Informe de KPMG
Cuáles son los desafíos de la transición energética en medio del impulso inversor y las trabas regulatorias
El interés de inversión en activos de transición energética aumenta rápidamente, según revela el estudio“Energy transition investment outlook de KPMG”, para el cual fueron entrevistados 1.400 altos ejecutivos de todo el mundo.
Entre los resultados más destacados surge que el 72 % afirmó que cree que este tipo de inversión está creciendo considerablemente y que lo seguirá haciendo en los próximos años.
Los resultados demuestran que son altos los niveles de confianza en las operaciones de transición energética y la búsqueda de inversiones en tecnologías y proyectos de energía limpia, a pesar de un largo periodo de volatilidad geopolítica y tasas de interés elevadas.
Cuando se les preguntó específicamente en qué planean invertir, los encuestados señalaron la eficiencia energética, incluida la electrificación, como la más atractiva en los próximos 2 años (36 %), seguida de la energía renovable y baja en carbono (34%).
Los datos reflejan las conclusiones del informe World Energy Investment 2024 de la Agencia Internacional de Energía (IEA), y revelan quede la inversión global en energía estimada en 3.000 millones de dólares para este año, aproximadamente 2 mil millones se destinarán a tecnología e infraestructura de energía limpia, casi el doble de la inversión en combustibles fósiles.
“A medida que las regulaciones y los marcos legales actúen como aceleradores del cambio, veremos un flujo cada vez más relevante de inversión en procesos de descarbonización y reducciones de CO2; es un camino largo en el que continuaremos recurriendo a los combustibles fósiles para apalancar el crecimiento de los renovables y proveernos de energía, pero el mandato de energías limpias es claro”, explica Diego Calvetti, líder de Energía y Recursos Naturales de KPMG Argentina.

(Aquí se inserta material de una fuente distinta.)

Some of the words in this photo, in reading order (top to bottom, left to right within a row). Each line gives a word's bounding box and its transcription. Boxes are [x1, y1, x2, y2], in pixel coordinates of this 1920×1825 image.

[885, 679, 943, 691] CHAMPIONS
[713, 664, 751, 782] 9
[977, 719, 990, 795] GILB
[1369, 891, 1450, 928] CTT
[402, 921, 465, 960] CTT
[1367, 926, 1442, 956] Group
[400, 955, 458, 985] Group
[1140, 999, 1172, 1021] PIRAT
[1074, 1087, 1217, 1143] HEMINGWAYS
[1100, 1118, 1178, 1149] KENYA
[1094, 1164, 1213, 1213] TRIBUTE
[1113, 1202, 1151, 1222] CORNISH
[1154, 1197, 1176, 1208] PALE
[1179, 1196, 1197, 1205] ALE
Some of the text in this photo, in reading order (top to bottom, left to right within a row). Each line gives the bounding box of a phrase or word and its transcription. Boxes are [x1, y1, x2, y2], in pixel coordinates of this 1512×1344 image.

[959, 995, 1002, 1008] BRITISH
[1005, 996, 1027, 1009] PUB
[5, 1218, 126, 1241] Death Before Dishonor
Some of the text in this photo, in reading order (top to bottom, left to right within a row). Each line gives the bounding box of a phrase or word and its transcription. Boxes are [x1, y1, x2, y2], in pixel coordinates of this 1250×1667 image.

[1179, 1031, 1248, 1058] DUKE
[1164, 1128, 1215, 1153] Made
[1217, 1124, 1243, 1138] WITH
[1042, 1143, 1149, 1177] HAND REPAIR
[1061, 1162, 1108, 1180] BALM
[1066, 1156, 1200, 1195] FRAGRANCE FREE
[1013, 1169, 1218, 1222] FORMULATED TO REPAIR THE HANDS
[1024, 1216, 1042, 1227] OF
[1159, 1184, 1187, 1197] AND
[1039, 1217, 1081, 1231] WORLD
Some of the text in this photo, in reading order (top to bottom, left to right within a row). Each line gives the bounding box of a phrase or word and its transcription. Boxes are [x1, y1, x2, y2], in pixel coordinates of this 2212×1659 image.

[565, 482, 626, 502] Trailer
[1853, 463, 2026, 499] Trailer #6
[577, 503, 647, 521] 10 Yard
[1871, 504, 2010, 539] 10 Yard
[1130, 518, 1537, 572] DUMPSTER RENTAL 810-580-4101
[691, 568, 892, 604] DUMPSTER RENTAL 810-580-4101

Por su parte, Mike Hayes, director de Descarbonización y Naturaleza y responsable Global de Energías Renovables de KPMG International, afirmó que “indudablemente, las medidas políticas y regulatorias están dando forma a la transición energética, y funcionan como grandes impulsores y obstáculos. Está claro que, sin un marco regulatorio sólido, se corre el riesgo de frenar el avance de esta transformación crítica.”
Para Elizabeth Ming, directora de Sostenibilidad Global para Private Equity de KPMG International, “lo que notamos es un mayor entendimiento de la magnitud de la transición energética y de la necesidad de invertir en infraestructura de capital intensivo que puede ayudarnos a descarbonizar y a realizar la transición de las fuentes de energía. Necesitamos una transición por etapas que genere el cambio necesario y que a la vez se mantenga la rentabilidad para empresas e inversores.”